Once the line holding "this 1660×1245 image." is found in the entries below, transcribe exactly every line up to and including the one holding "this 1500×998 image.", but leave out the pictures.

#### [Source data]
-----

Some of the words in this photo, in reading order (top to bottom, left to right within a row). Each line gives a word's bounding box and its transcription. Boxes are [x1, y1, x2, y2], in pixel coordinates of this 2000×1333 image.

-----

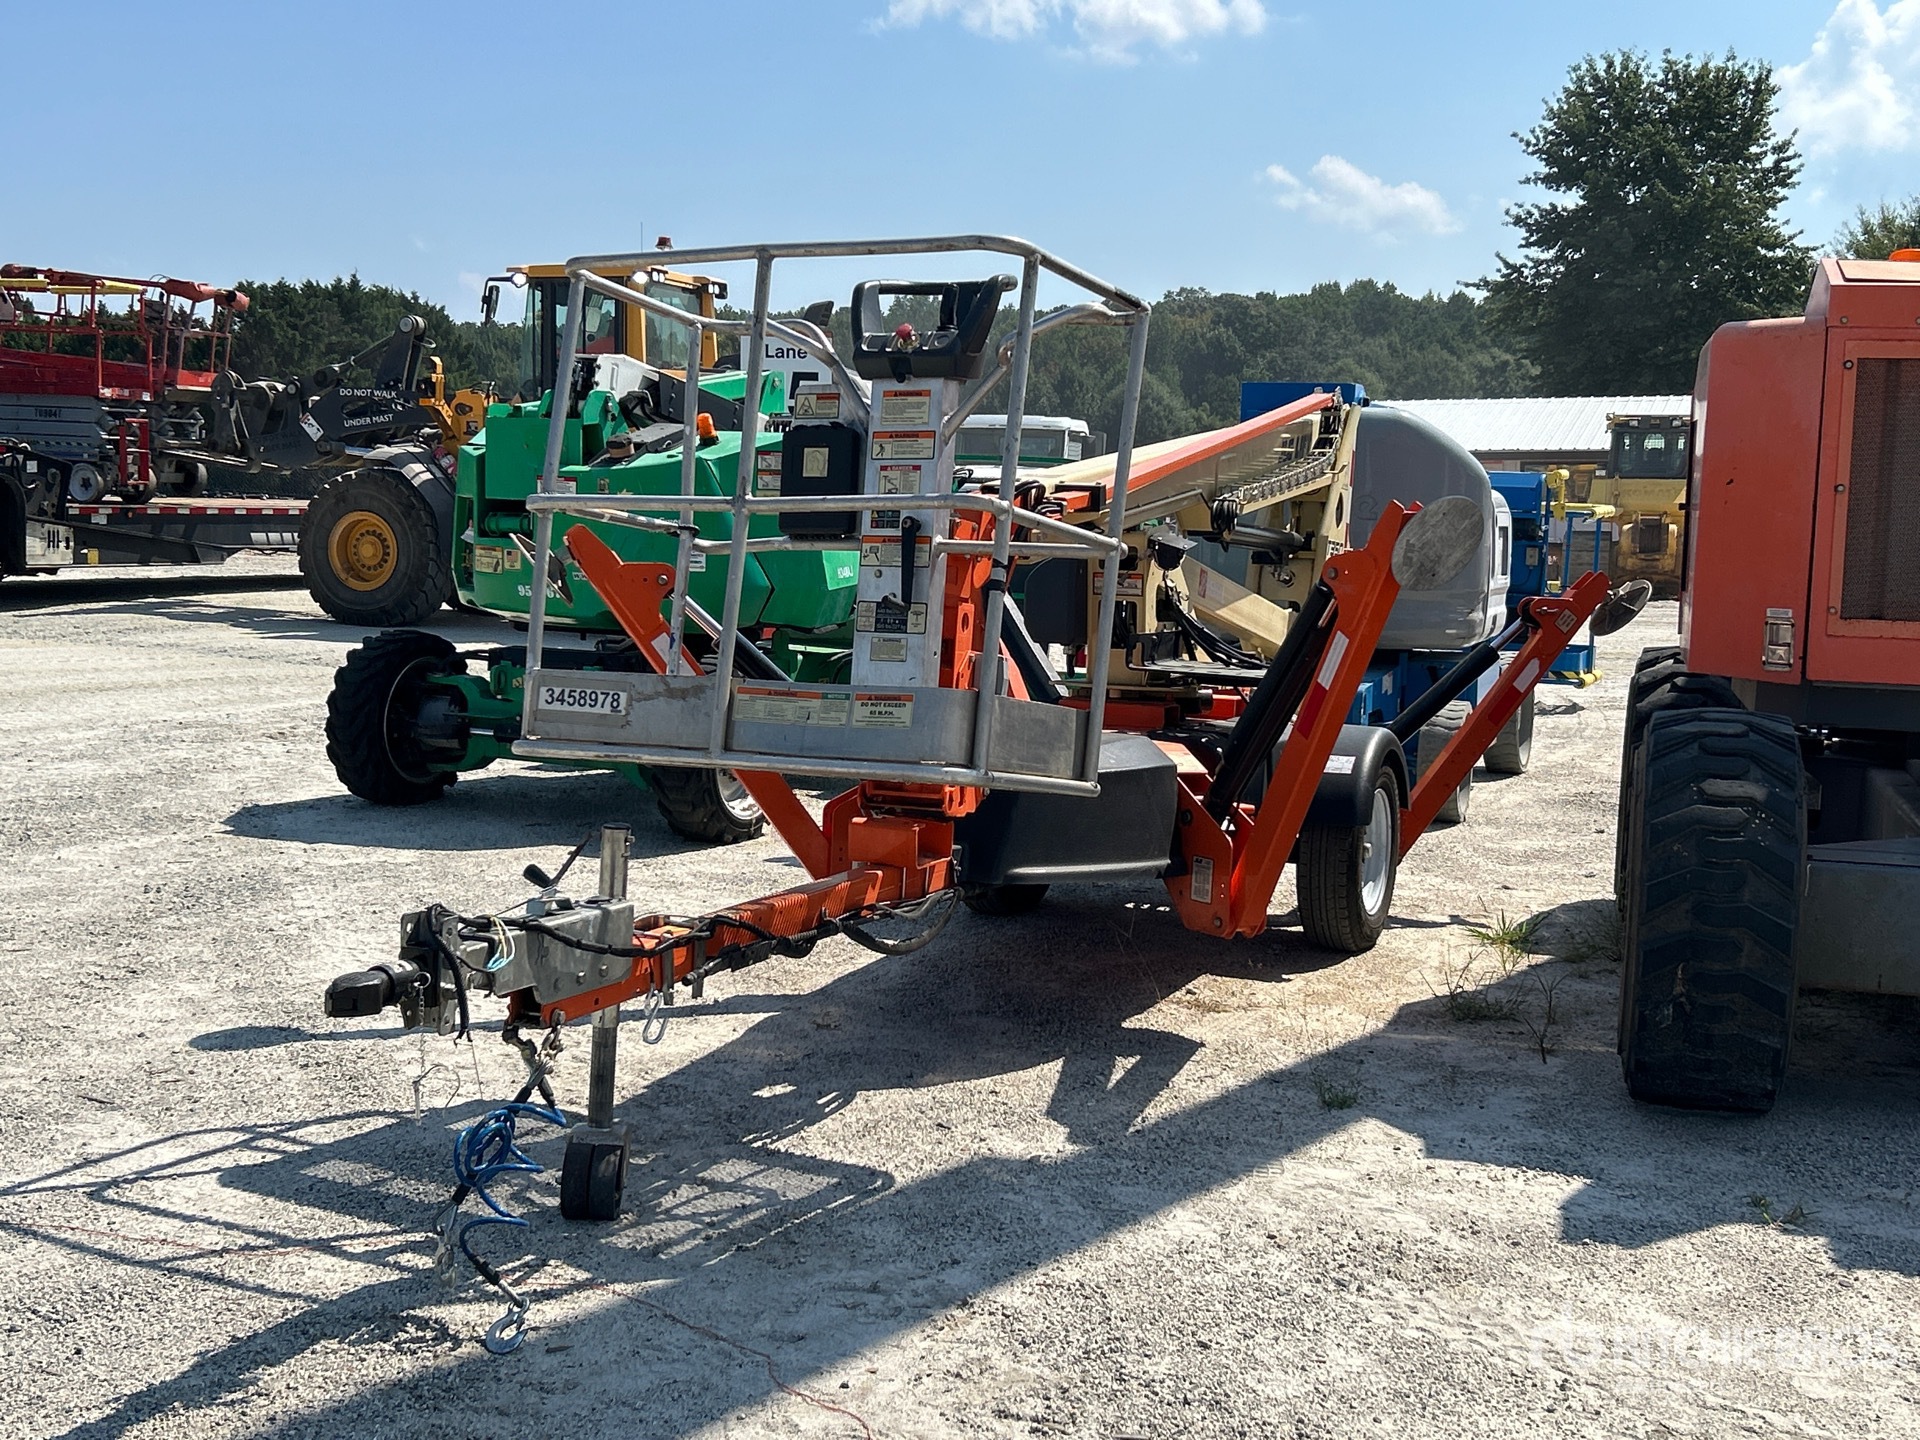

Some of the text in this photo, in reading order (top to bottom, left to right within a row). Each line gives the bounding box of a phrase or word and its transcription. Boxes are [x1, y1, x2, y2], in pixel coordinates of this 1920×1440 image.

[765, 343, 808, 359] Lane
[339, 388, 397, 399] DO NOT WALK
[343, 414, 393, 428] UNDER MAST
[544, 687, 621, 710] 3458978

-----

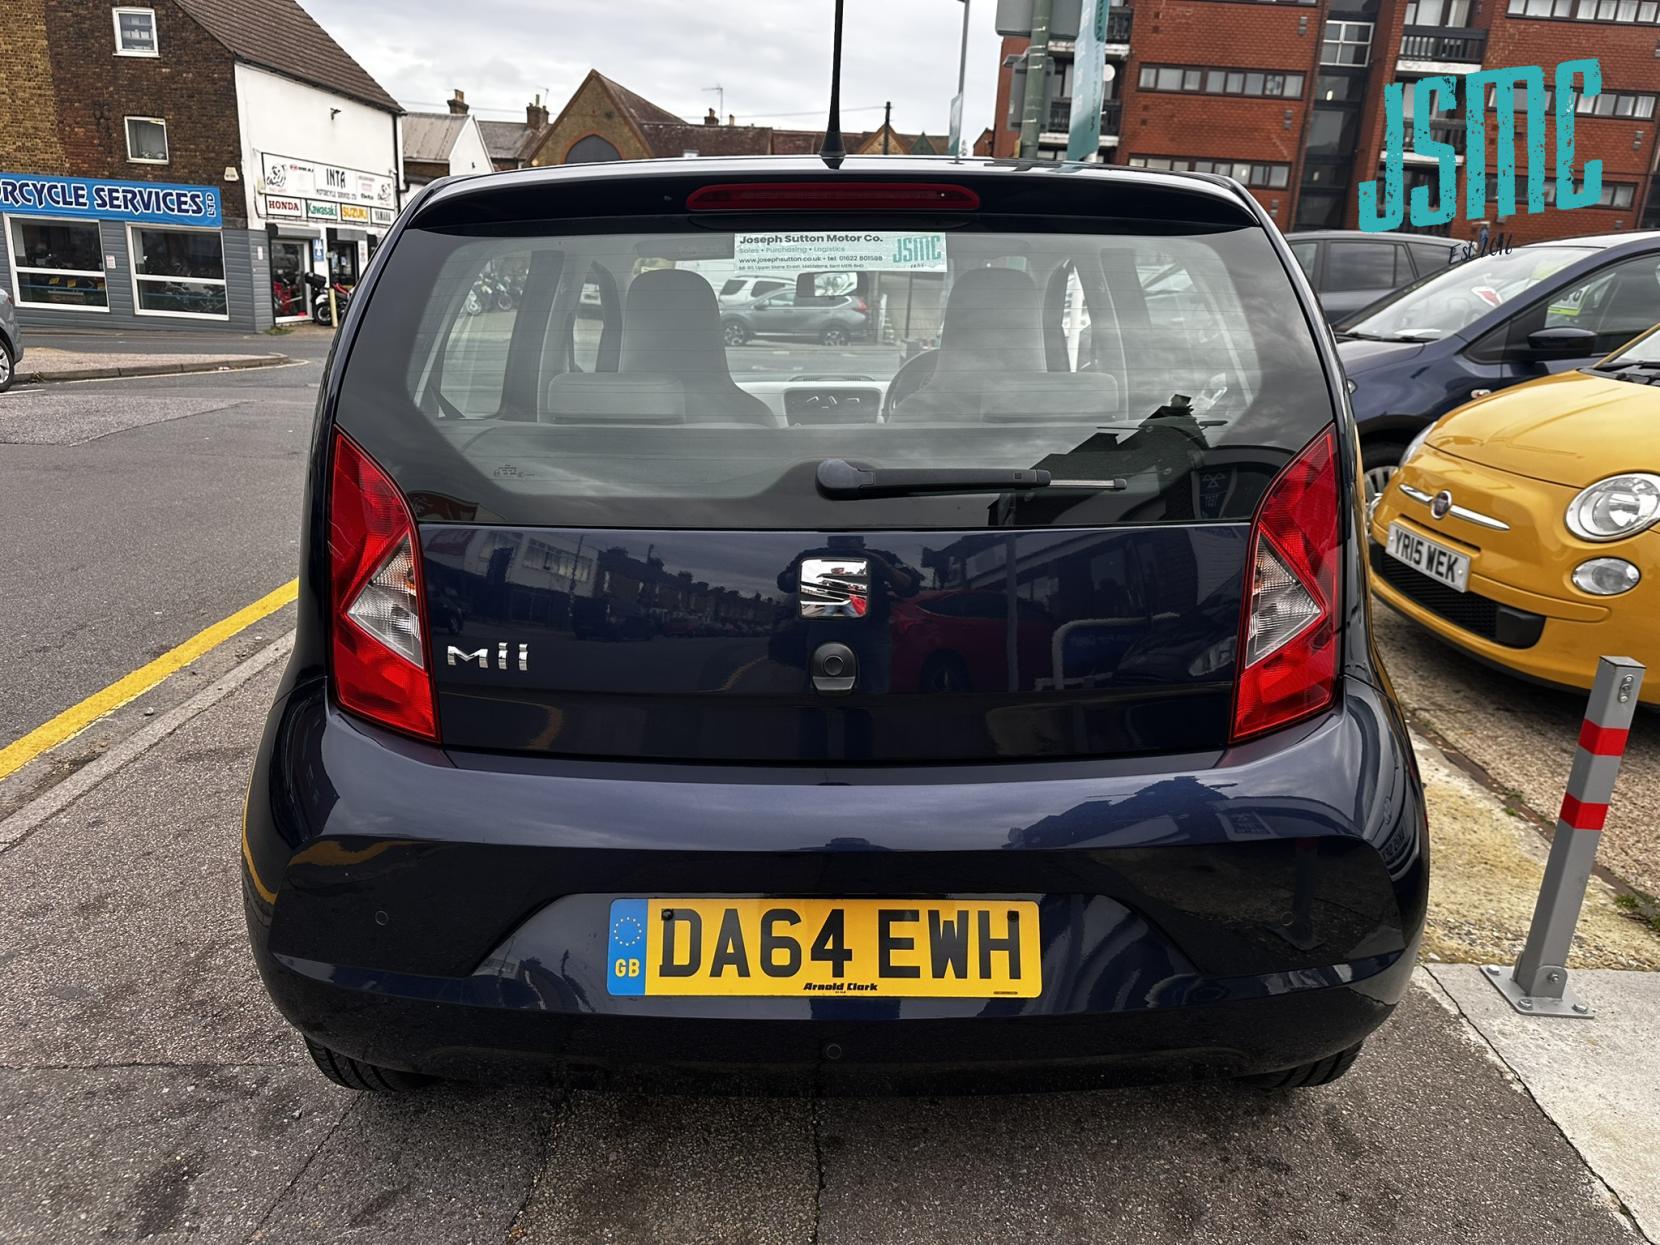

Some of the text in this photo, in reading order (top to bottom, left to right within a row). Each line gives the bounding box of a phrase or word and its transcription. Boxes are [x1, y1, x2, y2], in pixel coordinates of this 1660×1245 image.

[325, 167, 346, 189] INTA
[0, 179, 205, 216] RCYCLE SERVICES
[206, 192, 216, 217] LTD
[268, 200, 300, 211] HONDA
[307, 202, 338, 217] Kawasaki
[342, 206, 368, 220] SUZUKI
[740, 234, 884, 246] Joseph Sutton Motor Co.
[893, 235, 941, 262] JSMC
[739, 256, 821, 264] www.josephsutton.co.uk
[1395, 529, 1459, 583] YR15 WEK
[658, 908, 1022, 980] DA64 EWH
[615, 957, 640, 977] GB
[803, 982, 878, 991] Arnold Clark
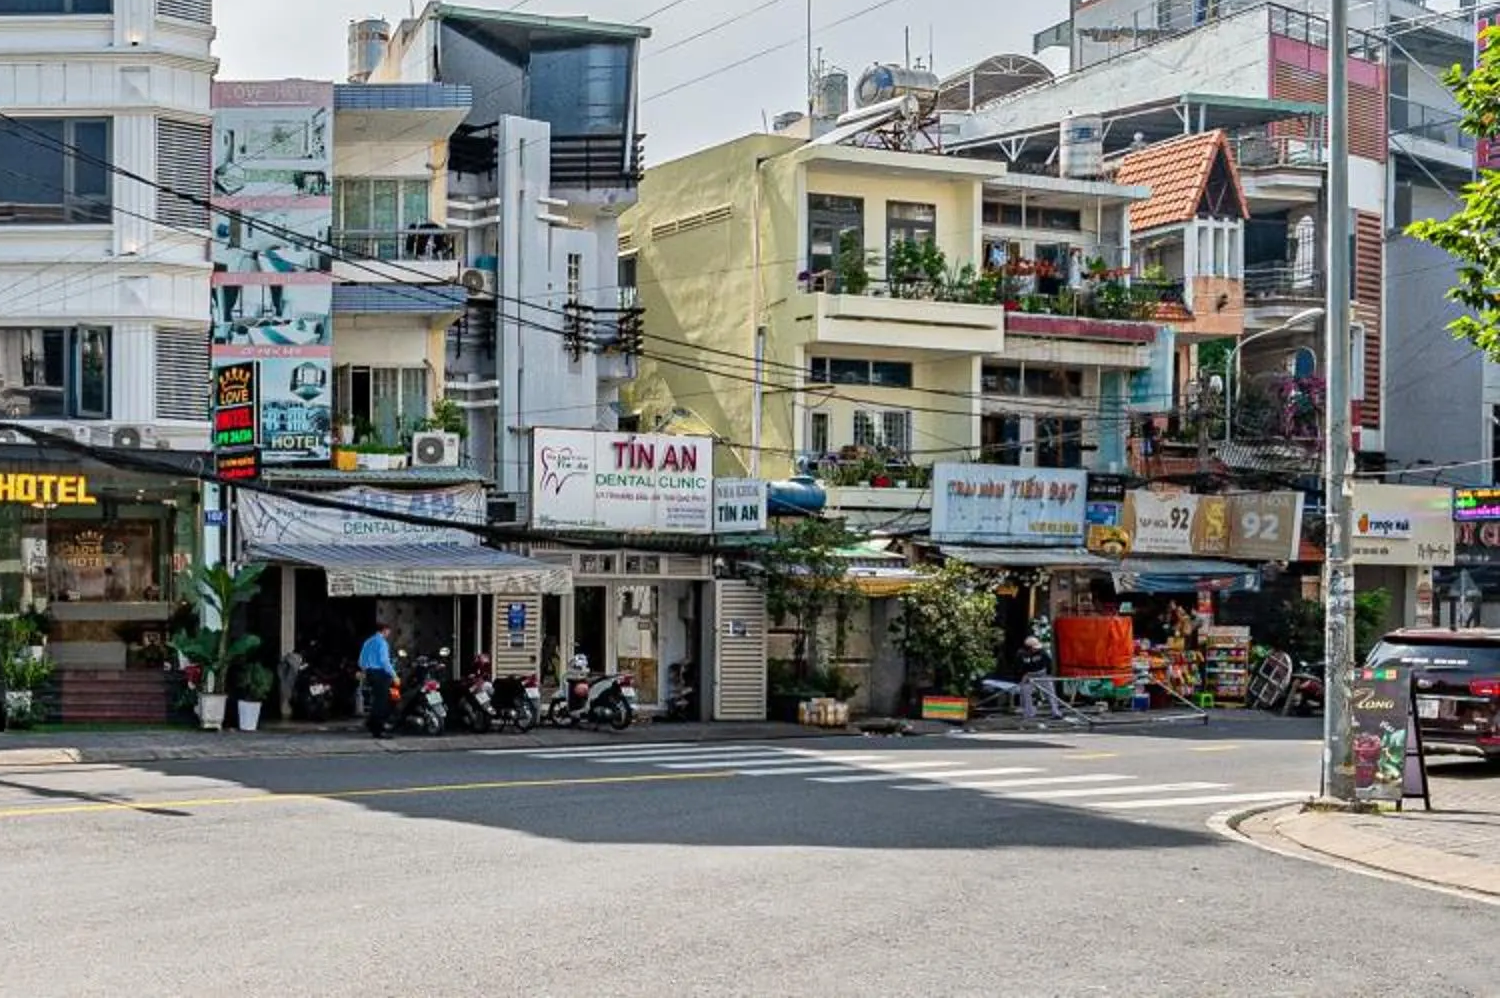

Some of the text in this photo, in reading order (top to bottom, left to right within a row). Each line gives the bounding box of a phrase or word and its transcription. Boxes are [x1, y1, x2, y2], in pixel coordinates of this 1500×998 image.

-----

#### [Answer section]
Some of the text in this photo, in reading order (top to bottom, left to right within a row). Each line gives the bounding box of a phrase or word and its transcription. Boxes are [x1, y1, x2, y2], in pixel coordinates of this 1660×1245 image.

[325, 167, 346, 189] INTA
[0, 179, 205, 216] RCYCLE SERVICES
[206, 192, 216, 217] LTD
[268, 200, 300, 211] HONDA
[307, 202, 338, 217] Kawasaki
[342, 206, 368, 220] SUZUKI
[740, 234, 884, 246] Joseph Sutton Motor Co.
[893, 235, 941, 262] JSMC
[739, 256, 821, 264] www.josephsutton.co.uk
[1395, 529, 1459, 583] YR15 WEK
[658, 908, 1022, 980] DA64 EWH
[615, 957, 640, 977] GB
[803, 982, 878, 991] Arnold Clark

Some of the text in this photo, in reading order (top to bottom, left to right within a row). Each line gives the bounding box of a phrase or word and its transcription. Boxes are [x1, y1, x2, y2], in pixel coordinates of this 1500×998 image.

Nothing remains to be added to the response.